UN leaders draw up secret blueprint for postwar Iraq
>From James Bone in New York

US forces will hand over three months after Saddam is
defeated

-The UN is breaking a taboo, and arguably breaching
its charter, by considering plans for Iraq’s future
governance while it deals daily with President Saddam
Hussein’s regime as a legitimate member. 
The 60-page plan was ordered by Louise Frechette, the
Canadian deputy of Kofi Annan, the Secretary-General,
and was drawn up at the UN’s New York headquarters by
a six-member pre-planning group. 
-UN sources expected the plan to be implemented even
if the US goes to war without a UN resolution
authorising military action. 
-[M]s Frechette had a 90-minute meeting on Monday with
Jay Garner, the retired US Army general who is in line
to be the US governor of postwar Iraq. 
Lieutenant-General Garner heads the Pentagon office of
reconstruction and humanitarian affairs formed in
January, which is assembling a “government-in-waiting”
of Iraqi exiles and American advisers to head Iraq’s
major ministries and public works agencies.  
-UN sources say that Britain, which is loath to occupy
Iraq because of its colonial history there, pushed for
a full-blown UN administration along the lines of
those in Kosovo and East Timor, and a UN agency to
control Iraq’s oil. 


 
 
The United Nations has drawn up a confidential plan to
establish a post-Saddam government in Iraq in a move
that suggests its leaders now consider war all but
inevitable. 
The plan, obtained by The Times, has been produced in
great secrecy over the past month, even though
Security Council approval of a “war resolution” hangs
in the balance. 

The UN is breaking a taboo, and arguably breaching its
charter, by considering plans for Iraq’s future
governance while it deals daily with President Saddam
Hussein’s regime as a legitimate member. 

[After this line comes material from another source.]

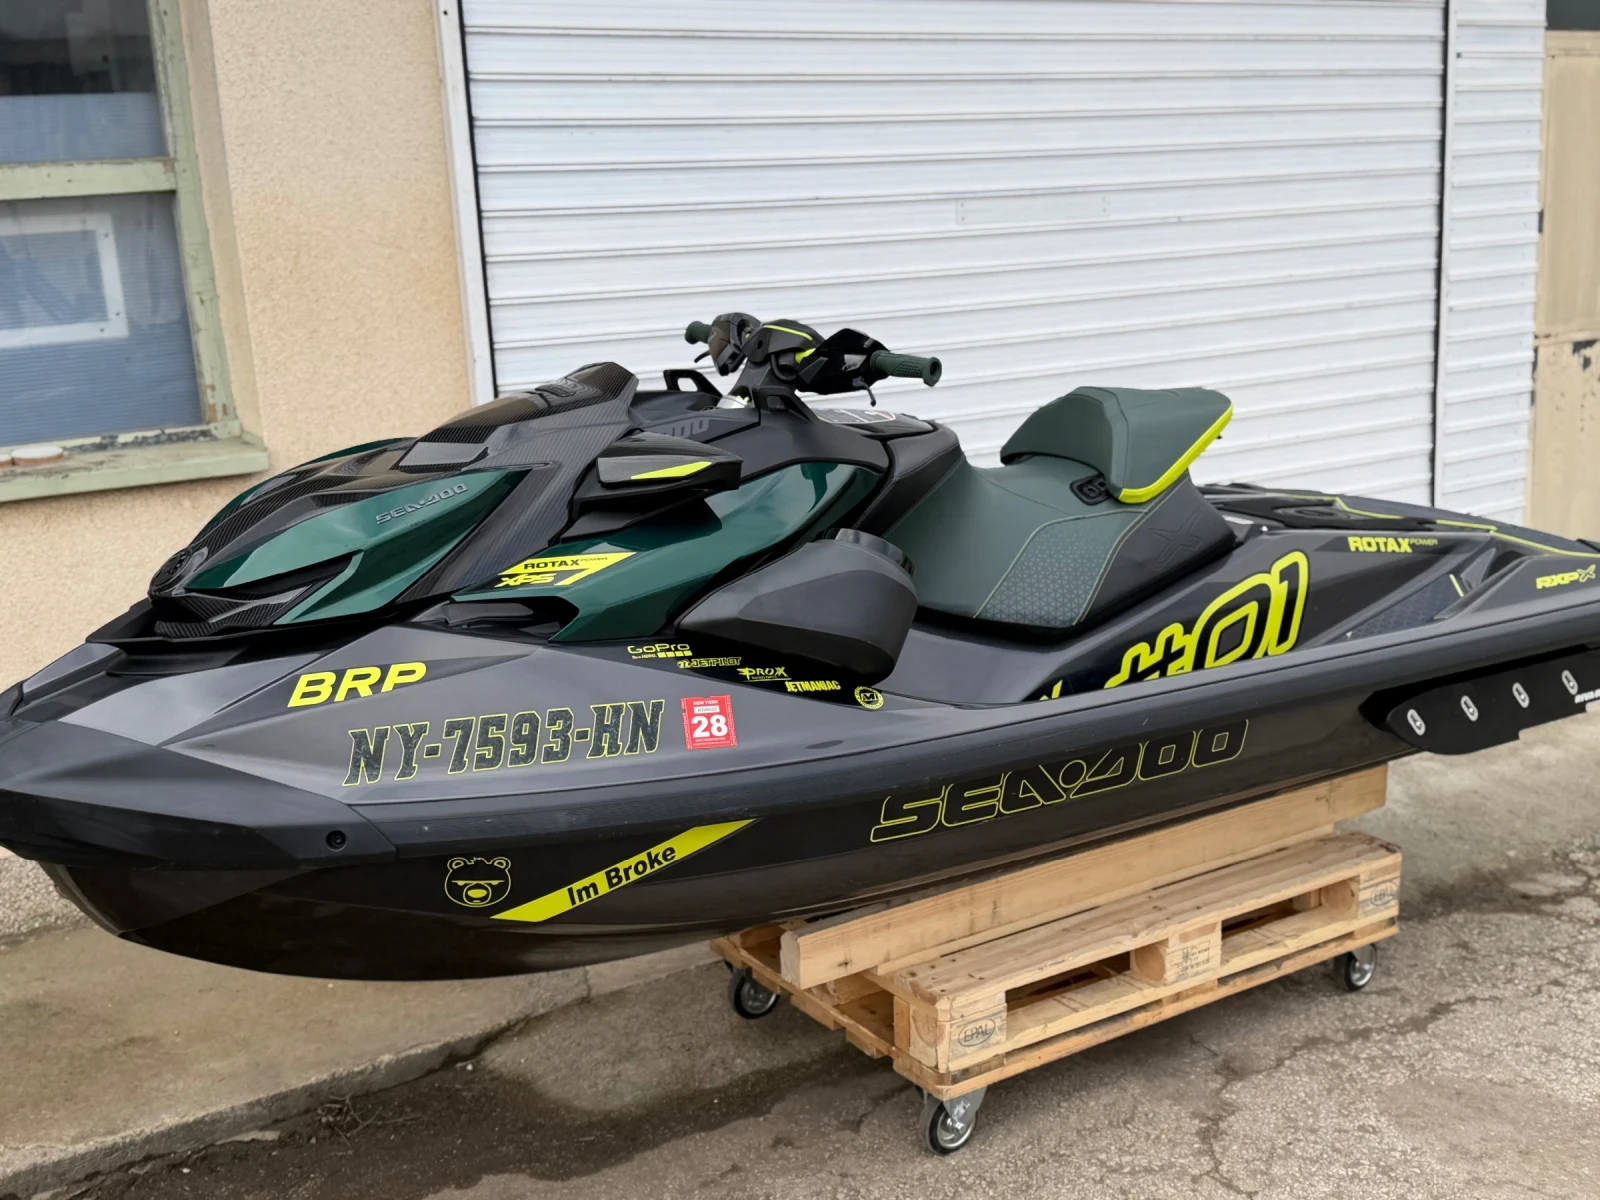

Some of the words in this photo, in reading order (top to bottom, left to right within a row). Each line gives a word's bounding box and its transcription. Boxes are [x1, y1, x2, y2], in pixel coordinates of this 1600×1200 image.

The 60-page plan was ordered by Louise Frechette, the
Canadian deputy of Kofi Annan, the Secretary-General,
and was drawn up at the UN’s New York headquarters by
a six-member pre-planning group. It envisages the UN
stepping in about three months after a successful
conquest of Iraq, and steering the country towards
self-government, as in Afghanistan. 

The plan resists British pressure to set up a
full-scale UN administration. It also says that the UN
should avoid taking direct control of Iraqi oil or
becoming involved in vetting Iraqi officials for links
to the President or staging elections under US
military occupation. 

It proposes instead the creation of a UN Assistance
Mission in Iraq, to be known as Unami, to help to
establish a new government. 

UN sources expected the plan to be implemented even if
the US goes to war without a UN resolution authorising
military action. It recommends that the UN immediately
appoint a senior official to co-ordinate its strategy,
who would become the UN special representative in
post-war Iraq. 

Sources said that Lakhdar Brahimi, the UN
troubleshooter who organised the creation of the
Government in Afghanistan, would be approached about a
similar role in Iraq. 

Mr Brahimi, a former Algerian Foreign Minister whose
journalist-daughter has been reporting for the CNN
television network from Baghdad, is said to be
reluctant to take on a major assignment at the age of
68 but is expected to accept. 

A clause in the UN Charter bars it from interfering in
a member state’s internal affairs. When Mr Annan
wanted to discuss contingency plans for war-time
humanitarian operations with the Security Council last
month, Russia insisted that he do so informally in his
own office rather than in the council chamber. 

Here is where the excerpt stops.